◆ **The task**: The data below should be transcribed in full, with no picture included.

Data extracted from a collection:
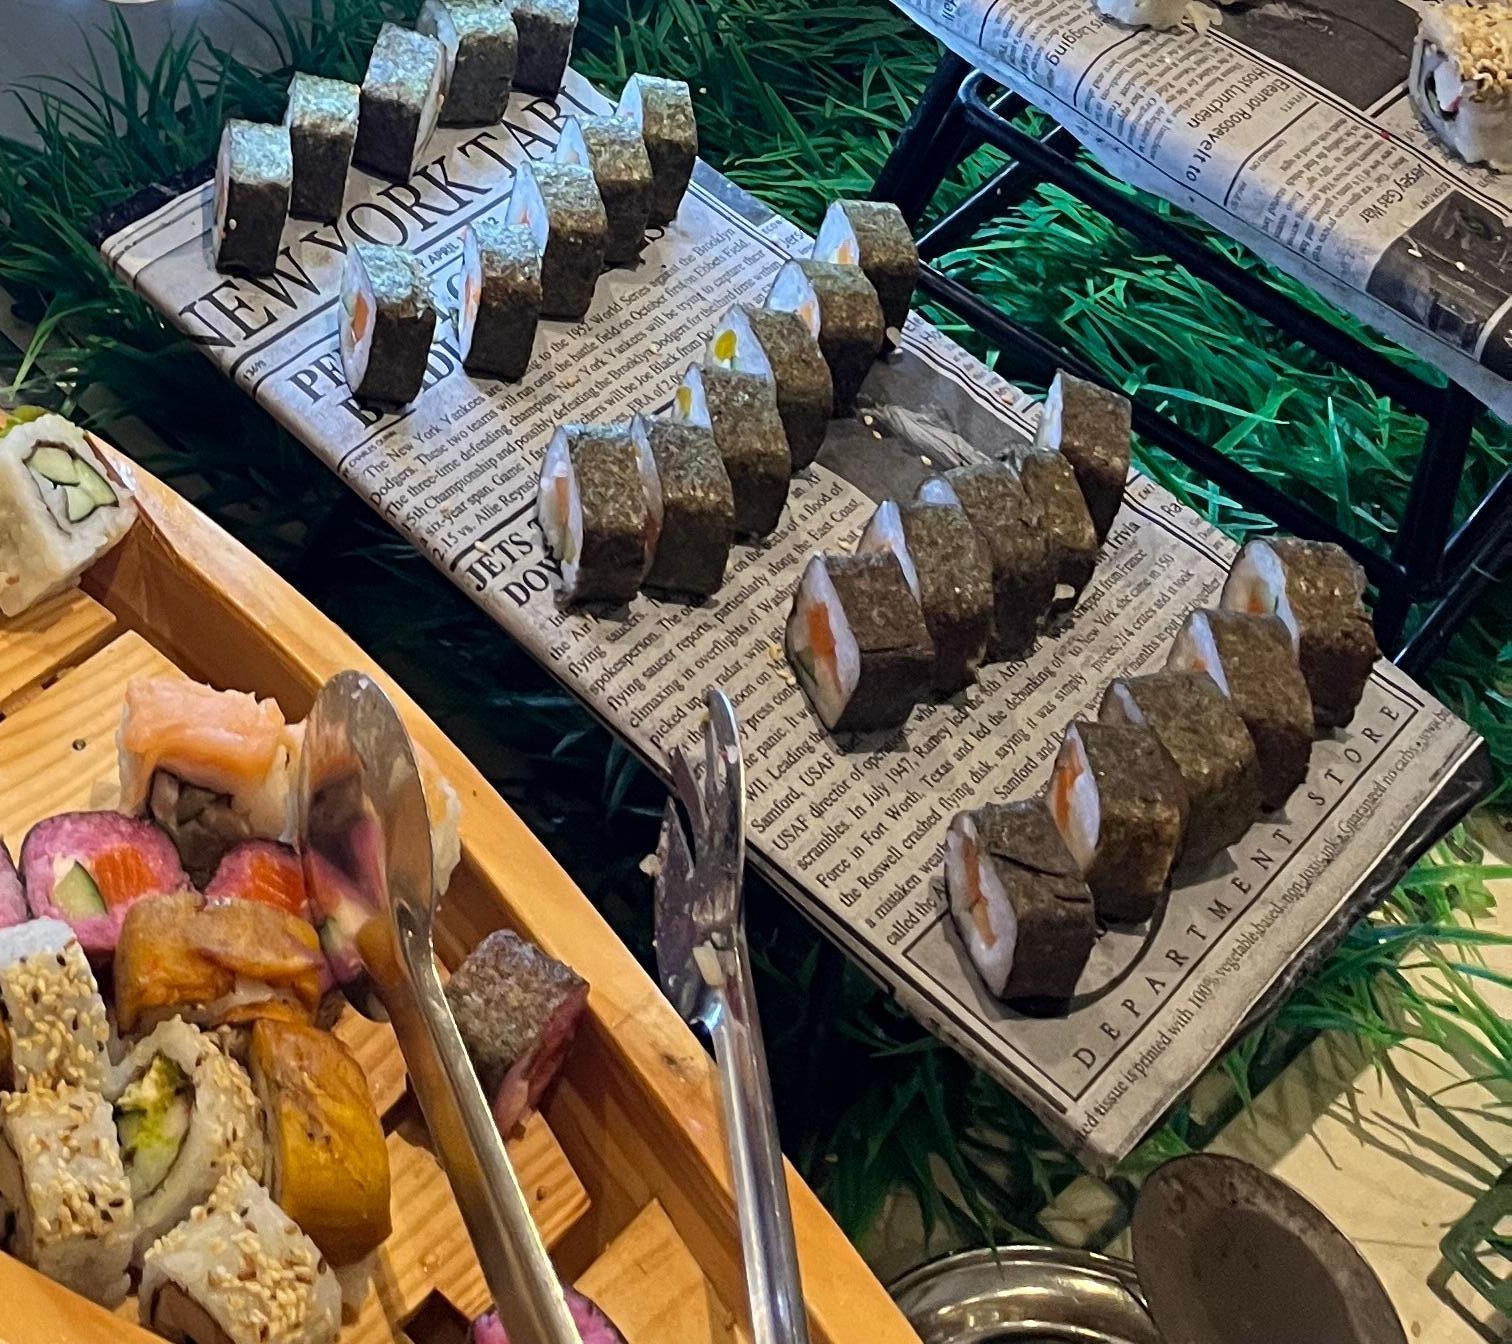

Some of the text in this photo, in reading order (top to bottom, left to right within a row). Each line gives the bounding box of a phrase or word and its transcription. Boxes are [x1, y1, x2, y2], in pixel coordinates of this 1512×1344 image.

[1044, 21, 1096, 68] Lagging
[1181, 73, 1290, 184] Eleanor Roosevelt to
[1185, 61, 1267, 133] Host Luncheon
[1356, 159, 1429, 226] Jersey Gas War
[178, 246, 322, 349] NEW
[299, 155, 493, 253] YORK
[361, 456, 390, 480] The
[386, 439, 416, 463] New
[411, 420, 443, 445] York
[439, 391, 486, 428] Yankees
[566, 319, 594, 343] 1952
[589, 299, 623, 328] World
[618, 280, 652, 308] Series
[692, 223, 737, 261] Brooklyn
[414, 439, 448, 467] These
[445, 428, 470, 449] two
[628, 290, 668, 323] October
[406, 455, 462, 499] three-time
[457, 420, 514, 466] defending
[421, 382, 599, 514] Championship possibly defeating
[423, 500, 473, 540] six-year
[490, 459, 525, 488] Game
[649, 348, 681, 377] Black
[471, 468, 545, 526] Allie Reynold
[459, 528, 536, 593] JETS
[581, 625, 666, 696] spokesperson.
[603, 675, 648, 713] flying
[639, 647, 679, 681] saucer
[673, 617, 718, 655] reports,
[709, 570, 773, 624] particularly
[763, 549, 800, 580] along
[806, 518, 835, 542] East
[622, 619, 753, 731] climaxing overflights
[764, 736, 817, 783] Leading
[797, 751, 839, 789] USAF
[860, 778, 894, 810] July
[910, 721, 956, 762] Ramey
[918, 662, 1057, 791] Texas debunking
[854, 669, 1092, 891] Roswell flying saying simply
[1070, 702, 1403, 1072] DEPARTMENT STORE
[1128, 1028, 1177, 1079] printed
[1161, 1003, 1195, 1038] with

◆ **Problem solution**:
Some of the text in this photo, in reading order (top to bottom, left to right within a row). Each line gives the bounding box of a phrase or word and its transcription. Boxes are [x1, y1, x2, y2], in pixel coordinates of this 1512×1344 image.

[1044, 21, 1096, 68] Lagging
[1181, 73, 1290, 184] Eleanor Roosevelt to
[1185, 61, 1267, 133] Host Luncheon
[1356, 159, 1429, 226] Jersey Gas War
[178, 246, 322, 349] NEW
[299, 155, 493, 253] YORK
[361, 456, 390, 480] The
[386, 439, 416, 463] New
[411, 420, 443, 445] York
[439, 391, 486, 428] Yankees
[566, 319, 594, 343] 1952
[589, 299, 623, 328] World
[618, 280, 652, 308] Series
[692, 223, 737, 261] Brooklyn
[414, 439, 448, 467] These
[445, 428, 470, 449] two
[628, 290, 668, 323] October
[406, 455, 462, 499] three-time
[457, 420, 514, 466] defending
[421, 382, 599, 514] Championship possibly defeating
[423, 500, 473, 540] six-year
[490, 459, 525, 488] Game
[649, 348, 681, 377] Black
[471, 468, 545, 526] Allie Reynold
[459, 528, 536, 593] JETS
[581, 625, 666, 696] spokesperson.
[603, 675, 648, 713] flying
[639, 647, 679, 681] saucer
[673, 617, 718, 655] reports,
[709, 570, 773, 624] particularly
[763, 549, 800, 580] along
[806, 518, 835, 542] East
[622, 619, 753, 731] climaxing overflights
[764, 736, 817, 783] Leading
[797, 751, 839, 789] USAF
[860, 778, 894, 810] July
[910, 721, 956, 762] Ramey
[918, 662, 1057, 791] Texas debunking
[854, 669, 1092, 891] Roswell flying saying simply
[1070, 702, 1403, 1072] DEPARTMENT STORE
[1128, 1028, 1177, 1079] printed
[1161, 1003, 1195, 1038] with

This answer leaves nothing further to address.